Federal stimulus dollars prevented financial ‘disaster’ at Cleveland, finance chief says

CLEVELAND, Ohio — The city of Cleveland would have faced financial chaos and potential layoffs had it not received hundreds of millions of dollars in COVID-19 stimulus from the federal government, a senior official said Thursday.
Cleveland’s chief finance officer Ahmed Abonamah told cleveland.com that a combination of federal programs to alleviate the city’s financial woes from COVID-19 have prevented the city from cutting wages and potentially even laying off employees.
Cleveland received $60 million from the CARES Act in 2020, approximately $512 million from the American Rescue Plan Act in 2021. From the ARPA dollars, Cleveland used a legal mechanism known as “revenue recovery” to to effectively pour $340 million into the city’s general fund, a common tactic used by local governments to increase fiscal flexibility.
“Without the CARES Act funds that the city used to support the budget, there would have been a combination of furloughs, hiring freezes, pay cuts and possible layoffs (in 2020),” Abonamah said. “Without the ARPA money that was transferred to the general fund in 2021, we would have faced similar choices in 2021-2022 given the structural deficiencies we faced. And so this money in the general fund really averted disaster for the city and its workforce.”
The revenue recovery portion of ARPA aimed to prevent the financial ruin described by Abonamah. However, Abonamah said at a previous city council committee meeting that Cleveland likely didn’t lose $340 million in revenue due to the pandemic. However, Cleveland came up with the $340 million figure based on a formula set out in ARPA.

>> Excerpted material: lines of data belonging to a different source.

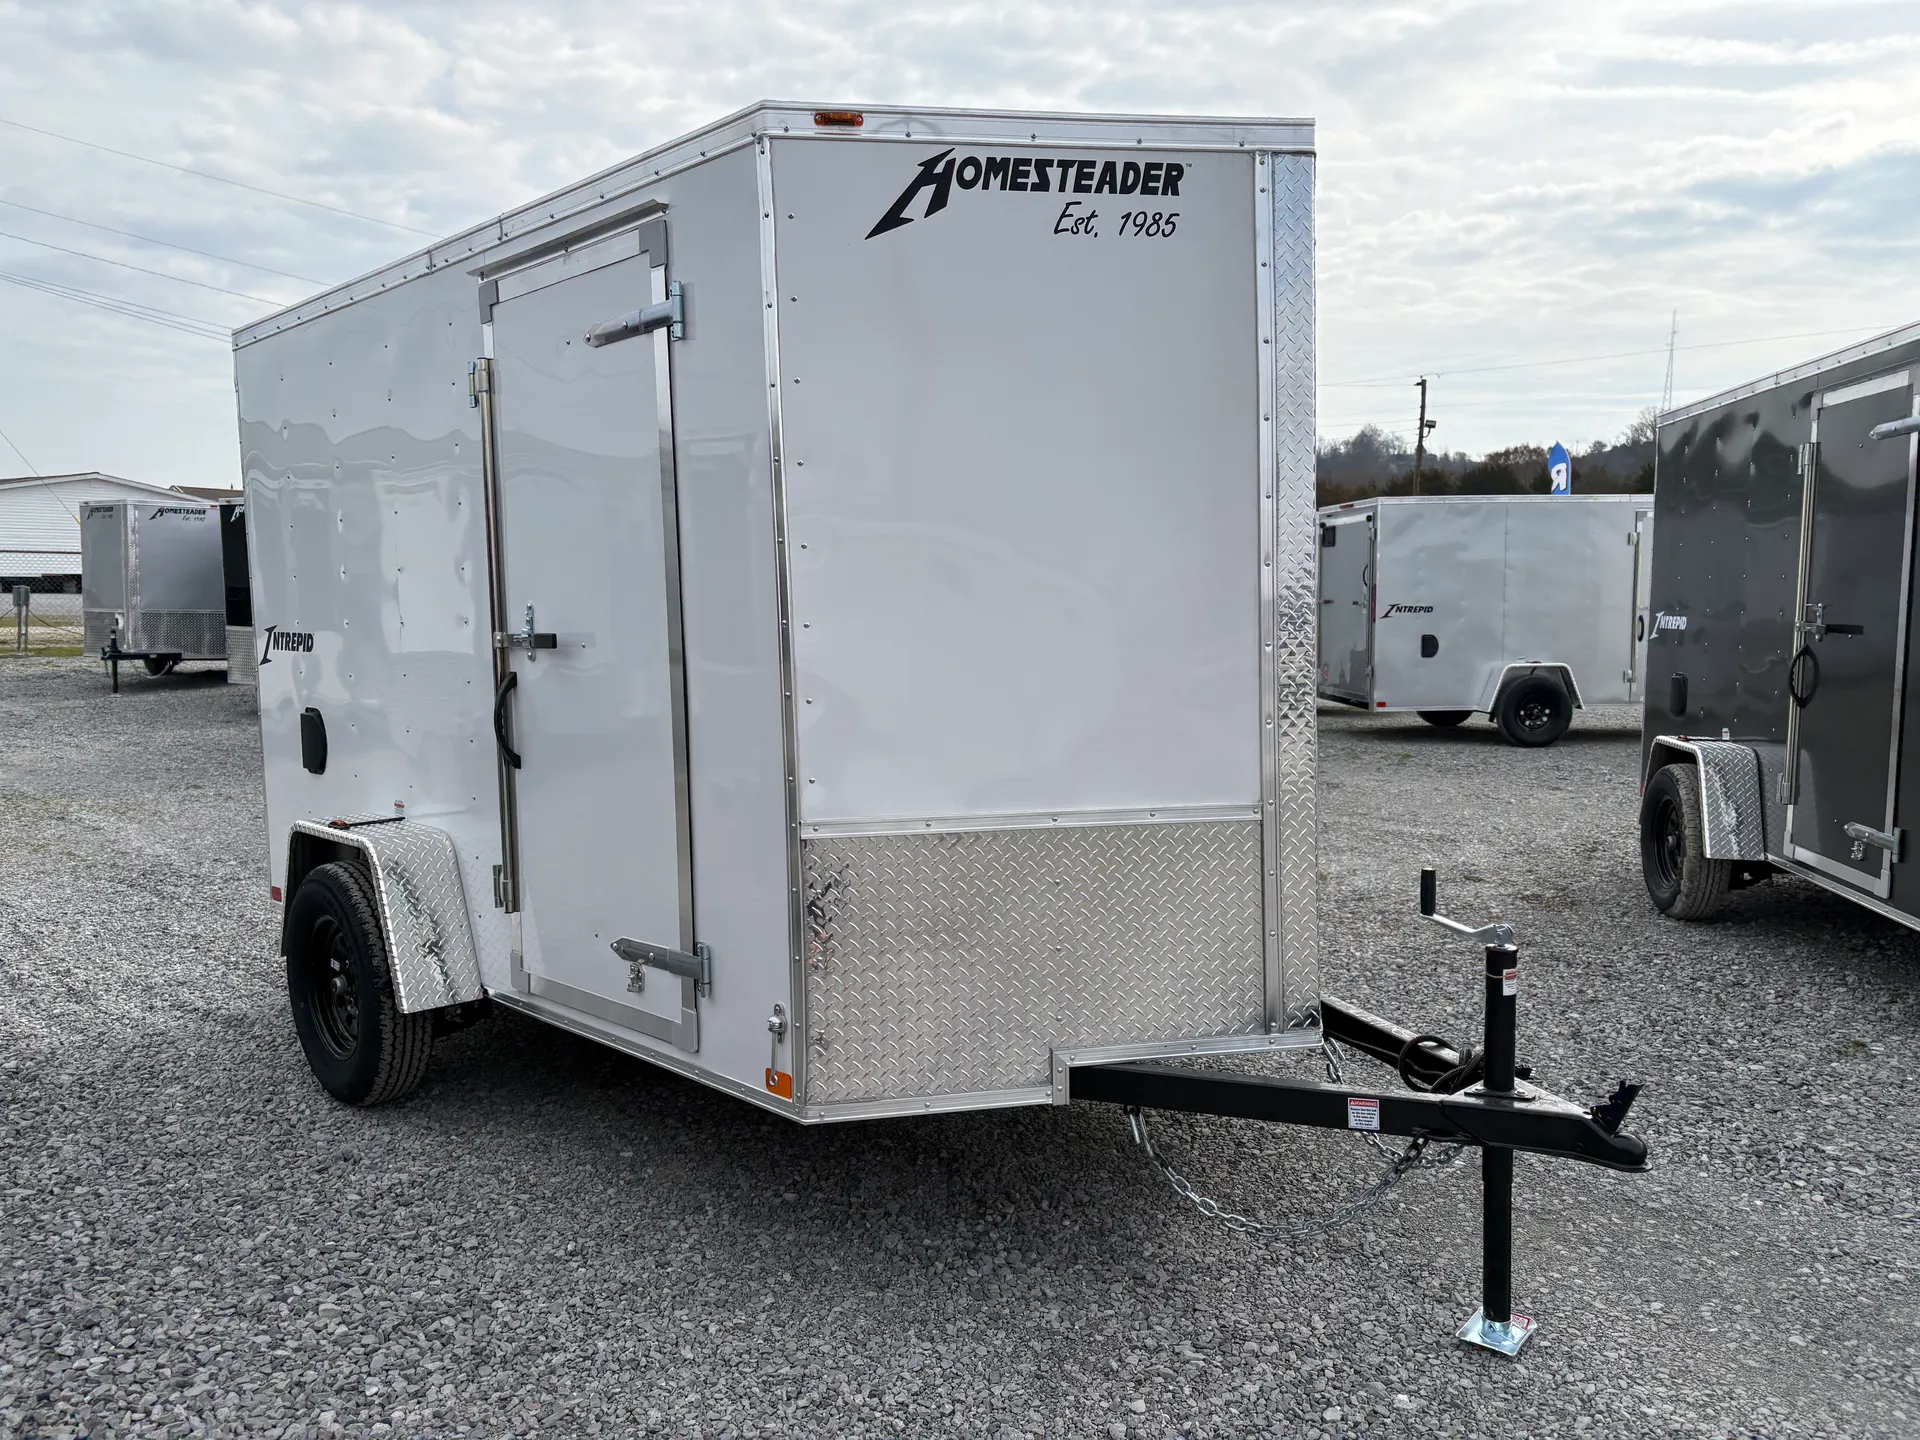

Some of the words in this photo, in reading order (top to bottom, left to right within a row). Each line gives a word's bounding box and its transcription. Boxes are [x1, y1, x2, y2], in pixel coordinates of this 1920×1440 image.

[865, 147, 1185, 240] HOMESTEADER
[1054, 201, 1098, 238] Est.
[1118, 211, 1181, 238] 1985
[149, 506, 207, 520] HOMESTEADER
[1379, 603, 1434, 619] INTREPID
[1649, 610, 1687, 640] INTREPID
[259, 624, 314, 666] INTREPID
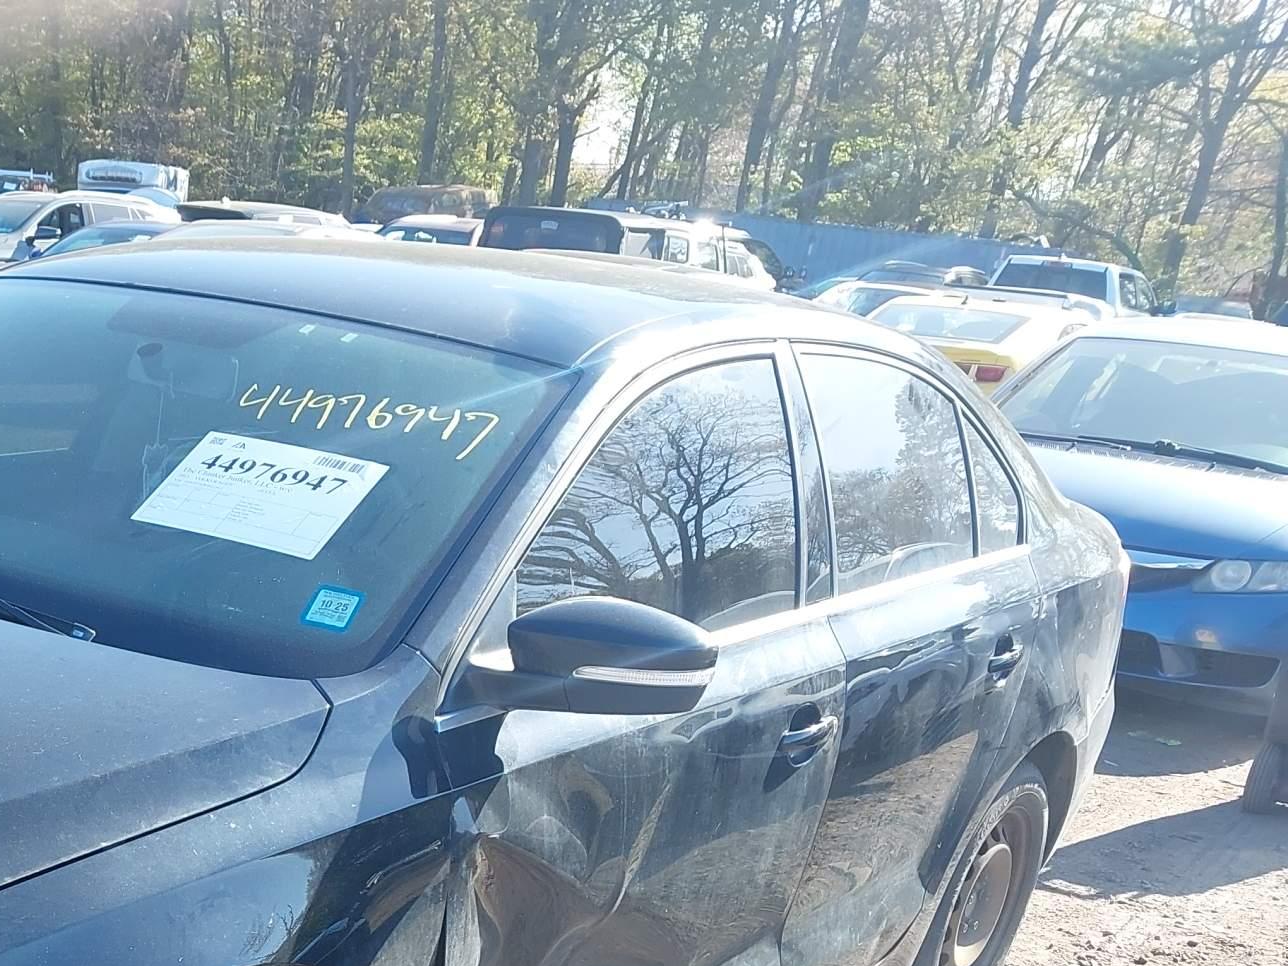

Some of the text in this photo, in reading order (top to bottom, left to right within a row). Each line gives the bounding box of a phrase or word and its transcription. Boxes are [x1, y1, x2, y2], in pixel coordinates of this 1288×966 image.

[239, 383, 500, 460] 44976947
[201, 453, 348, 495] 44976947
[321, 600, 349, 612] 10 25
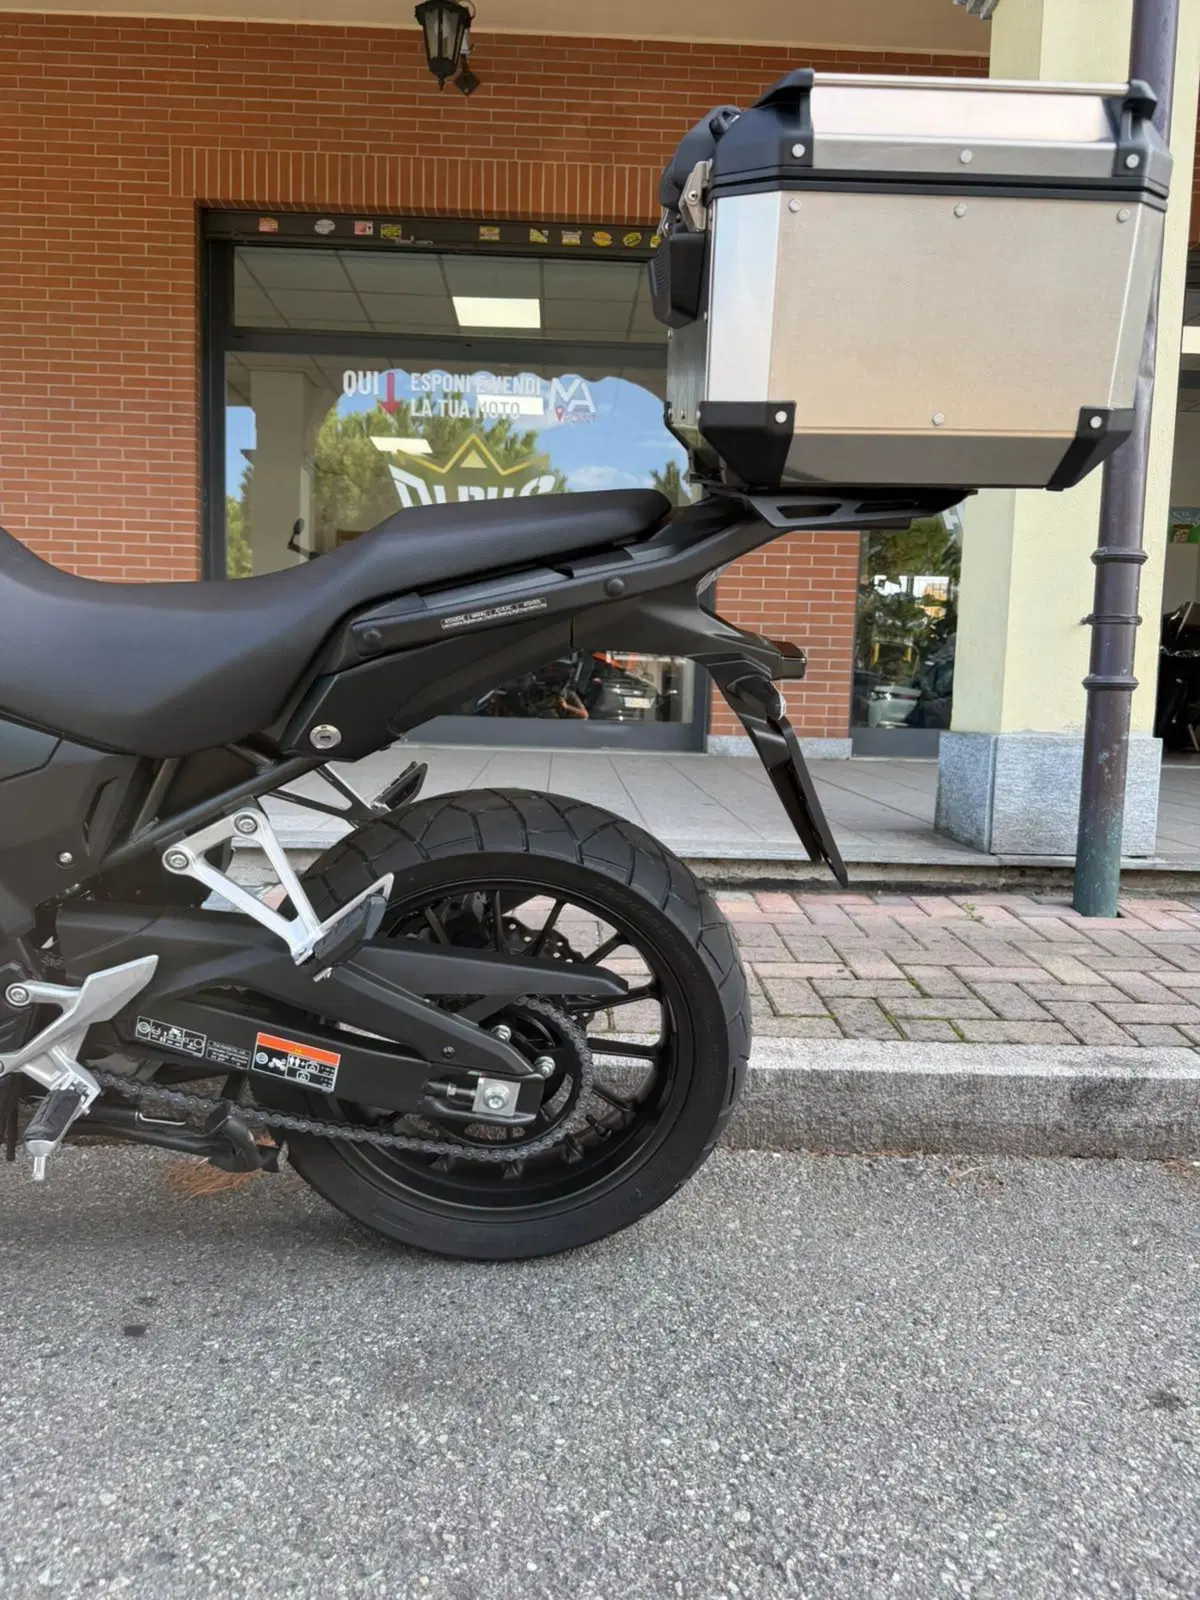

Local governments had the option of either declaring $10 million in lost revenue or following a formula established by Congress to determine the amount of revenue a local government lost due to COVID-19, regardless of government size. While many small governments chose to declare $10 million in lost revenue, larger localities like Cleveland followed the formula that allowed them to declare more money as “recovery revenue” — a distinction that gave cities more flexibility in how they do business expenses allowed.
Once designated as a “revenue recovery” fund, ARPA dollars can be spent as a government would normally spend its general fund money. The revenue reclamation portion of the bill is why projects that appear to have little to do with the pandemic have been funded with stimulus dollars.